Swimming thrives on a “survivalist” culture. Those who survive to senior age group, college, or professional swimming have emerged via survival-of-the-fittest. But many swimmers voluntarily drop out years before they’re cut from a higher level. I don’t have any statistics comparing swim dropout rates to other sports, but there’s no doubt that early dropouts can be problematic for all levels.
Unfortunately, many promising young swimmers leave the sport on negative terms and have been soured by their experience. Dropouts usually are not seen as a failure of the system, but rather as validation to coaches that the swimmer dropping out lacked the mental fortitude to continue in the sport. There’s undoubtedly some merit in that conclusion as not everyone is meant for the elite levels. But it would be delusional to think the swimming institution is not at least partially responsible for driving away young talent.
As Dr. Rushall writes, “[t]he canon that “if hard work leads to good performances, harder work will lead to better performances. The number of young people who have been turned-off by swimming training following that tenet is likely to be much greater than one might care to admit.”
Not every swimmer who is purged from the ranks “deserves” that fate. Many dropouts cite negative coaching experiences, injury, or overbearing parents for their early retirement. Since youth sports participation often depends on friends staying together, one or two within a clique leaving a team can send a bigger group clamoring for the exit. If there’s ever a time to protect the sport’s tight standards it’s the current era in which society makes discipline optional for kids. But surely there’s a balance to be struck between overbearing and permissive.
One way to improve retention is to understand WHY swimmers give up the sport. We all have our own experiences upon which to draw, but what does the formal literature have to say? Salguero (2003) studied sixty-two swimming “dropouts” and surveyed their reasons for quitting. “Having other things to do” was the most important reason for attrition. Lack of fun, the perception of failure or low skill were also associated with dropping out. Females placed greater emphasis than males on excessive pressure, hard training, dislike of competition, not winning enough and not feeling important enough.
Younger swimmers rated interest in another sport as a factor in their decision, while “being too old” was more correlated with an older age, not surprisingly. These findings may give credence to the concern that you’ll lose swimmers to other sports if allowed to sample other activities, but it may be a necessary risk for optimal athletic development (“If they go to soccer practice they might not come back” is a common concern among coaches who demand early specialization)

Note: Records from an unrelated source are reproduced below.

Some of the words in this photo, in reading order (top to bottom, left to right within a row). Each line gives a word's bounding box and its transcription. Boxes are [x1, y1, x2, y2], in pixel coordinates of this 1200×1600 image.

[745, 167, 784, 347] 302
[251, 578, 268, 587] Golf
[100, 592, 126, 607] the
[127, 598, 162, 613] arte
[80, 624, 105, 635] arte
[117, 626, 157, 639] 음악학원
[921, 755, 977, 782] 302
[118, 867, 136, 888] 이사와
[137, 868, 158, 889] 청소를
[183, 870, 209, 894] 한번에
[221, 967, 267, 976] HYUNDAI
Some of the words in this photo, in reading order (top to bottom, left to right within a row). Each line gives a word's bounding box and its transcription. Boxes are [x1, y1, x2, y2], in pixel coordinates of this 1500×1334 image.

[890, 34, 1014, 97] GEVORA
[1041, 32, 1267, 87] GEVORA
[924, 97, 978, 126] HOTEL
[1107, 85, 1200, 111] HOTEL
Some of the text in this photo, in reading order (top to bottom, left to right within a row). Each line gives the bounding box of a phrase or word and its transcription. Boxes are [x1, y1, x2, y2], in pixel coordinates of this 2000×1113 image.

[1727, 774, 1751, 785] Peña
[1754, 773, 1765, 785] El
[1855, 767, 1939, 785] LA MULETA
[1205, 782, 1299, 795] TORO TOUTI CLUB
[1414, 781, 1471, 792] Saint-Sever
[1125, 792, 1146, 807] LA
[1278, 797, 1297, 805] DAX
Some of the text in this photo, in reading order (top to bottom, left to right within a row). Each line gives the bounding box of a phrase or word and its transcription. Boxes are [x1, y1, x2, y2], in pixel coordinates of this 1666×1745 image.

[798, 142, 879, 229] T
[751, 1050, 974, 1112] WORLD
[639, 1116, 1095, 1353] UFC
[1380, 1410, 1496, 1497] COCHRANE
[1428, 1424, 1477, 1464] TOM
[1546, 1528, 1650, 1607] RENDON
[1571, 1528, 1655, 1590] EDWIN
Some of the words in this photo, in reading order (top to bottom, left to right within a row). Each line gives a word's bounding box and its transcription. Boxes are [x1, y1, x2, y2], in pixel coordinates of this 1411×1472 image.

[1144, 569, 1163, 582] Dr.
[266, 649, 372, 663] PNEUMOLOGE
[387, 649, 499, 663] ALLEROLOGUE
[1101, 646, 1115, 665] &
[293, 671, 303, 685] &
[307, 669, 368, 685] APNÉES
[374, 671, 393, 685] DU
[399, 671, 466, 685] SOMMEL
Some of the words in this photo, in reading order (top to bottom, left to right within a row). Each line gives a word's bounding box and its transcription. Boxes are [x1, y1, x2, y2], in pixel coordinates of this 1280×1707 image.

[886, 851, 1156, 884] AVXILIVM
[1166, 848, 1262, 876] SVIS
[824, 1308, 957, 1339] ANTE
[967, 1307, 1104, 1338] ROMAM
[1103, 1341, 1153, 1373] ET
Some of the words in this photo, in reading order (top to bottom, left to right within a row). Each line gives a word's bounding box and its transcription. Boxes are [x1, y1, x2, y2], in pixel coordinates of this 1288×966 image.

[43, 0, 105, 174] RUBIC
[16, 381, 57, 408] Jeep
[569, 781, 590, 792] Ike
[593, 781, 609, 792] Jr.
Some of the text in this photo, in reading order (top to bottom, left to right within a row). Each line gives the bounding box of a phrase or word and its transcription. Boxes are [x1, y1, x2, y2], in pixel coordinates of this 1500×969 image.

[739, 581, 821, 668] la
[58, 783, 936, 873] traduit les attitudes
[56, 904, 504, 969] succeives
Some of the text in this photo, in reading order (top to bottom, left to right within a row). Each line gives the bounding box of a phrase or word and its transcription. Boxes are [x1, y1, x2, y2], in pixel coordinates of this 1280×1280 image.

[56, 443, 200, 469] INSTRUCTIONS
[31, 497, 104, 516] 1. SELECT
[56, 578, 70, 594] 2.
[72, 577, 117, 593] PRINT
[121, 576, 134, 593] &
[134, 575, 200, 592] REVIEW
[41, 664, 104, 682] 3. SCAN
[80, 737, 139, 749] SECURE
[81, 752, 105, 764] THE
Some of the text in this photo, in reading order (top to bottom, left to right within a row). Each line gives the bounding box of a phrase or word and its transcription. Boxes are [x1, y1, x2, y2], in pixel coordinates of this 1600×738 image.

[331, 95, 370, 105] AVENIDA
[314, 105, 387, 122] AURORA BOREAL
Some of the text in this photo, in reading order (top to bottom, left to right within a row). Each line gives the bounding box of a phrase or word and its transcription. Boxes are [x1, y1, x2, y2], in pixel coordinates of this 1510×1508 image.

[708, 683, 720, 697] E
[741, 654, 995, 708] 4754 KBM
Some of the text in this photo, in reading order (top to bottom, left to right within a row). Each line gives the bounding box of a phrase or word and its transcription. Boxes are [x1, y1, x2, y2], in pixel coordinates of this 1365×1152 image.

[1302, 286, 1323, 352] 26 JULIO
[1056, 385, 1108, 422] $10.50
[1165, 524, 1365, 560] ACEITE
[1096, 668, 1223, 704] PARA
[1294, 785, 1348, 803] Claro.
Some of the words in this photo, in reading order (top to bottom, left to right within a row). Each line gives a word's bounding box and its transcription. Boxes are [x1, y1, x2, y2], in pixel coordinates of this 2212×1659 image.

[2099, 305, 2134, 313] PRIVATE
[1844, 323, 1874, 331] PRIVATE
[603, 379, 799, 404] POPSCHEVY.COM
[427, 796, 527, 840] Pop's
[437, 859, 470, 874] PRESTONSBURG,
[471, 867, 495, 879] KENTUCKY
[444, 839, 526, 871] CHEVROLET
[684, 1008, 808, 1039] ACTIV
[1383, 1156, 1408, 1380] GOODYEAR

Perceived ability stands out among the retention and dropout factors. The actual achievement did not predict retention/dropout but instead, self-perception was a driving force. Another Salguero study (2004) found strong correlations between perceived competence and health/fitness, fun/friendship, competition/skills, affiliation, and status.
This is one area in which coaches and parents can be instrumental. Obviously, not everyone deserves a gold medal just to show up at practice. And kids are astute enough to deduce their own standing in the pecking order and have a general idea of their ability.
Coatsworth (2009) studied a summer swim program with over one hundred kids. Findings suggest that the quality of the coaching climate is an important predictor of the developmental benefits of sports participation. One pathway by which the coaching climate has its effect on initiative and identity reflection is through developing youth self-perceptions.
Unlike many football players or basketball players who won’t retire “until they rip the uniform off my back”, a more common refrain in swimming is swimmers never wanting to see a pool again. It’s not an easy problem to solve. And if you have the answer, I’m sure USA Swimming would pay handsomely for it. This simplest approach is to admit we can all do a little better, which starts with an honest look at why many swimmers leave the sport long before reaching their potential.
- Coatsworth JD, Conroy DE. The effects of autonomy-supportive coaching, need satisfaction, and self-perceptions on initiative and identity in youth swimmers. Dev Psychol. 2009 Mar;45(2):320-8. doi: 10.1037/a0014027.
- Salguero A, Gonzalez-Boto R, Tuero C, Marquez S. Relationship between perceived physical ability and sport participation motives in young competitive swimmers. J Sports Med Phys Fitness. 2004 Sep;44(3):294-9.
- Salguero A, Gonzalez-Boto R, Tuero C, Márquez S. Identification of dropout reasons in young competitive swimmers. J Sports Med Phys Fitness. 2003 Dec;43(4):530-4.